**RECORD EXCERPTS**.
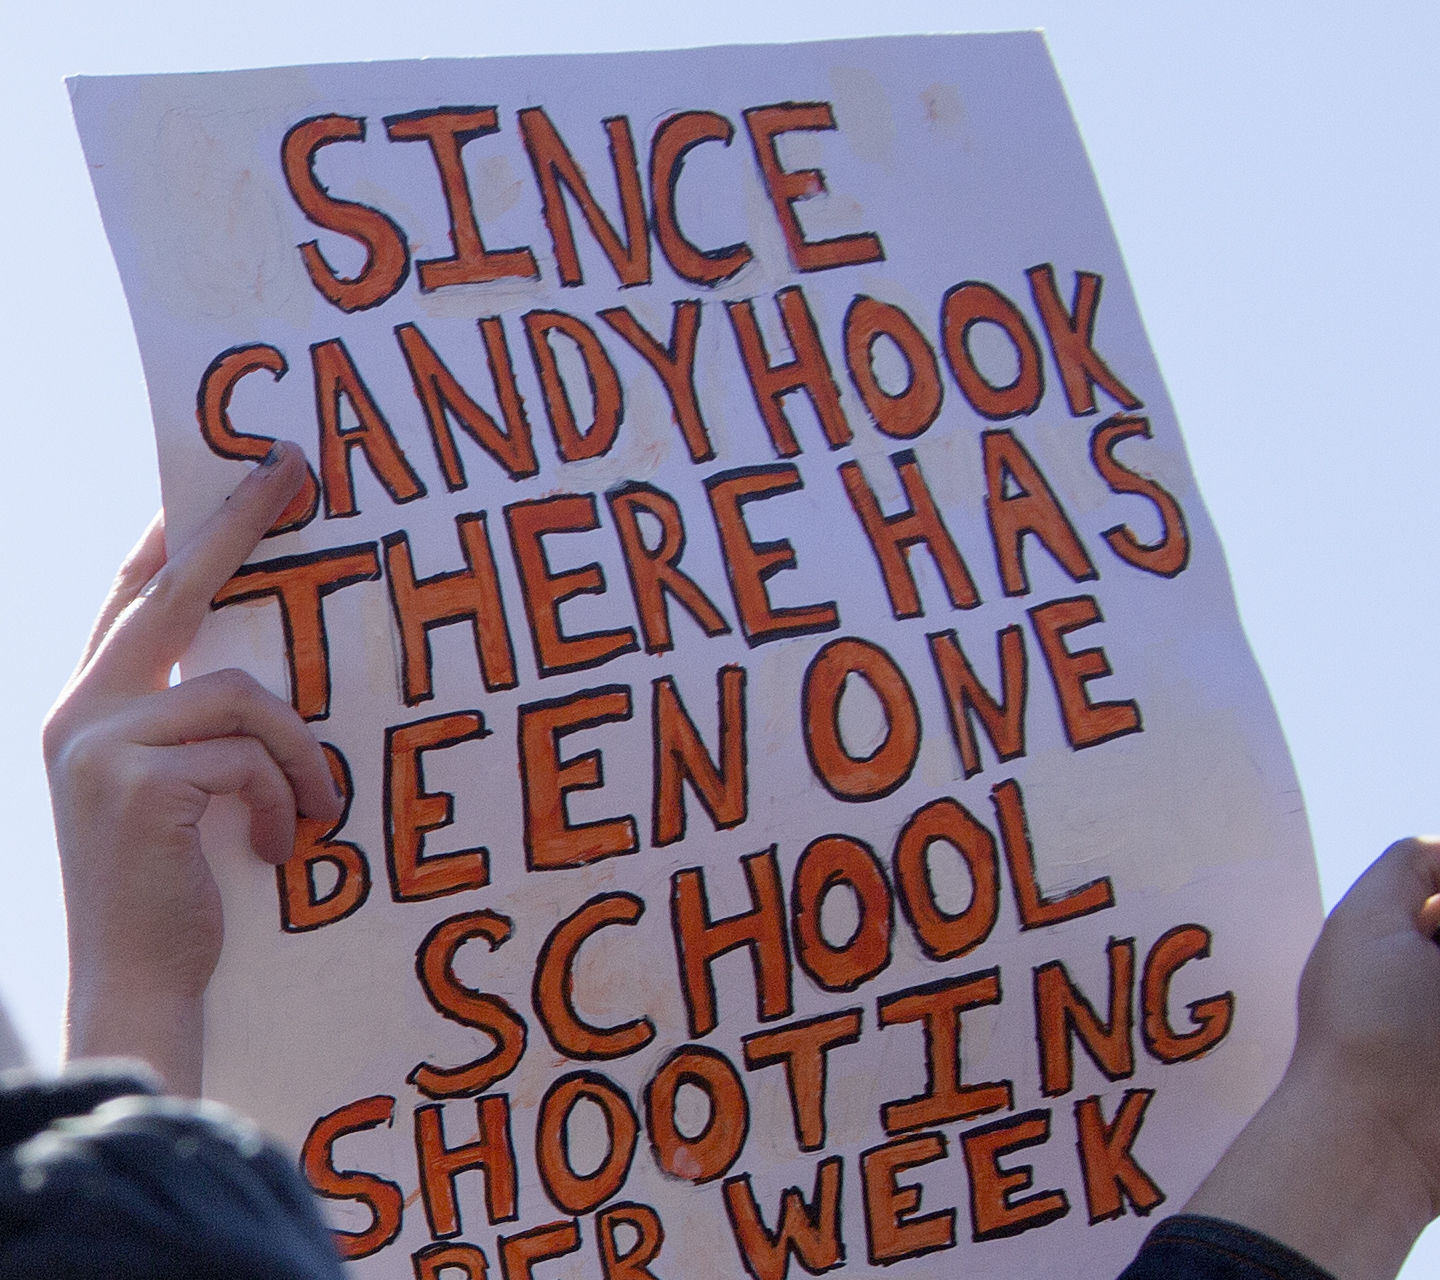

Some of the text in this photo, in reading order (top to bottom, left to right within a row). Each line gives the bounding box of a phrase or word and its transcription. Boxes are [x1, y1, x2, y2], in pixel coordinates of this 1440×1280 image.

[280, 101, 885, 314] SINCE
[211, 413, 1191, 722] THERE HAS
[277, 593, 1143, 933] BEEN ONE
[300, 922, 1238, 1260] SHOOTING
[409, 780, 1117, 1100] SCHOOL
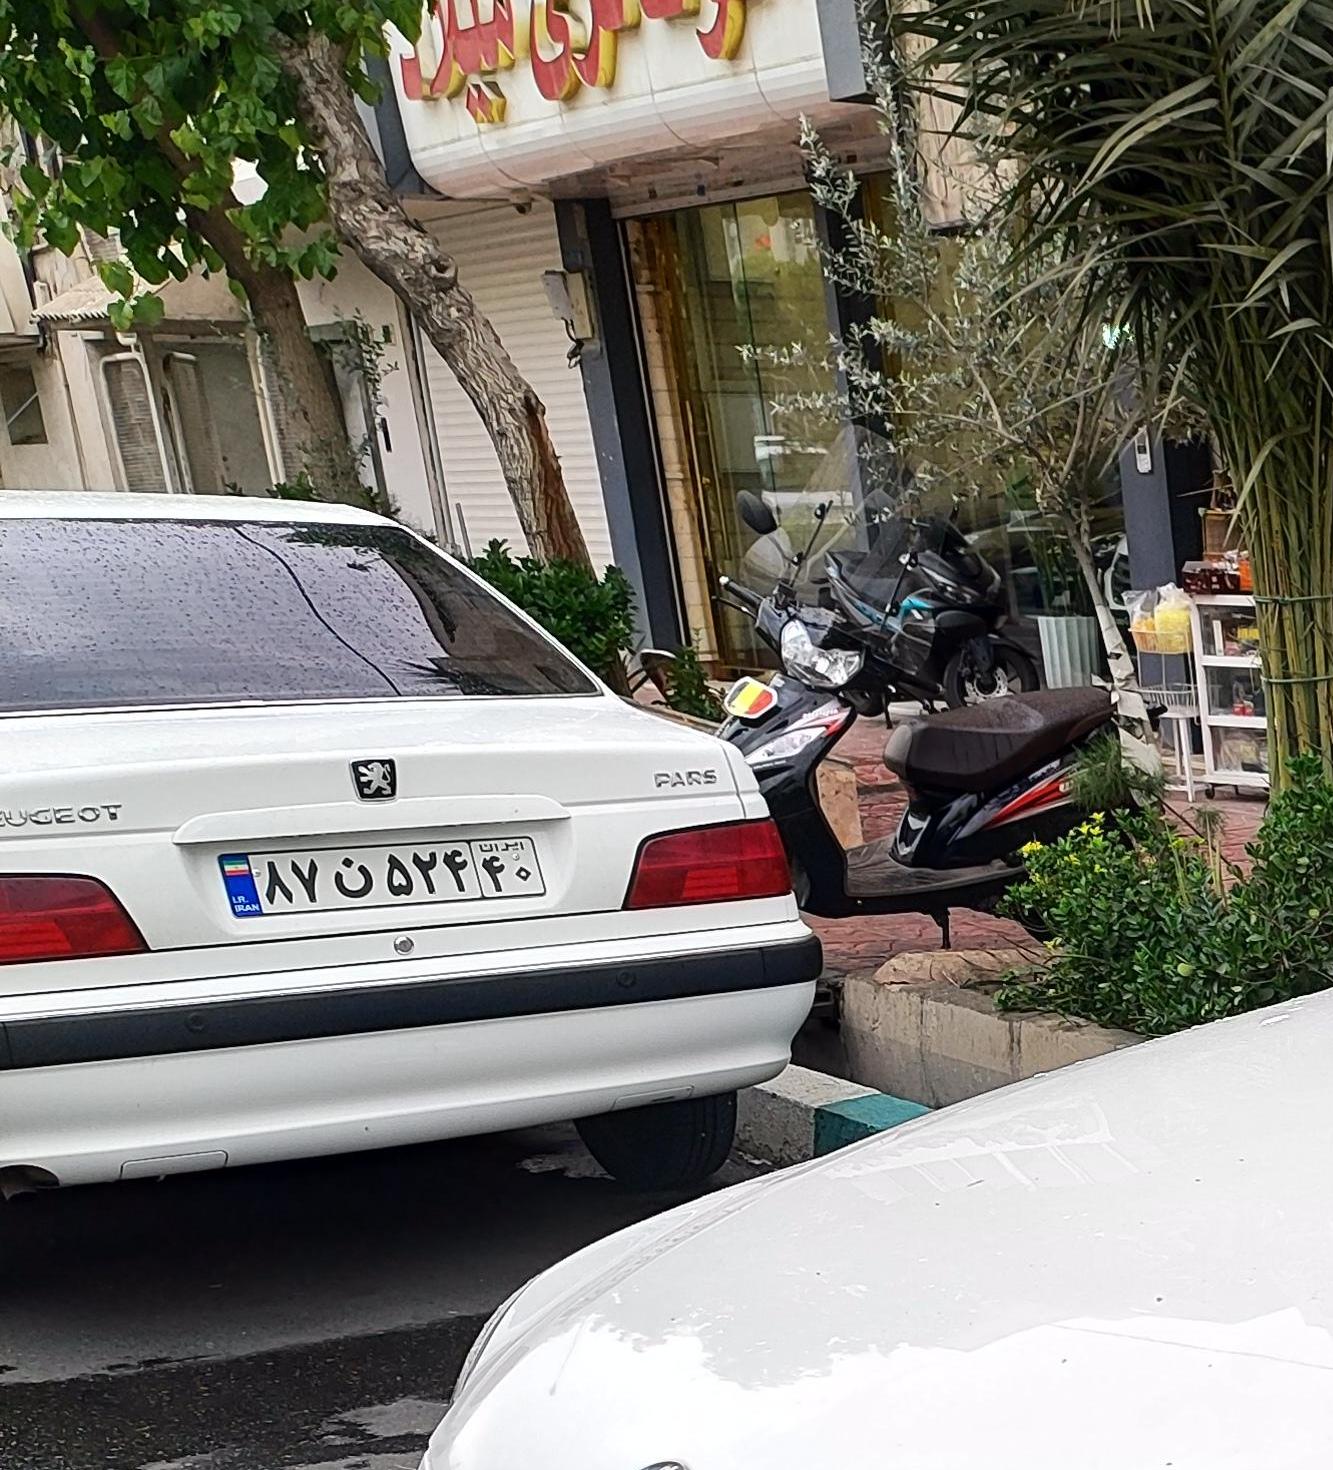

**ACTION ITEM**. Could you retype each line of the material above exactly, skipping the pictures?

**TASK SOLUTION**.
Some of the text in this photo, in reading order (top to bottom, left to right within a row). Each line gives the bounding box of a phrase or word and its transcription. Boxes are [x1, y1, x2, y2], in pixel coordinates of this 1440×1280 image.

[280, 101, 885, 314] SINCE
[211, 413, 1191, 722] THERE HAS
[277, 593, 1143, 933] BEEN ONE
[300, 922, 1238, 1260] SHOOTING
[409, 780, 1117, 1100] SCHOOL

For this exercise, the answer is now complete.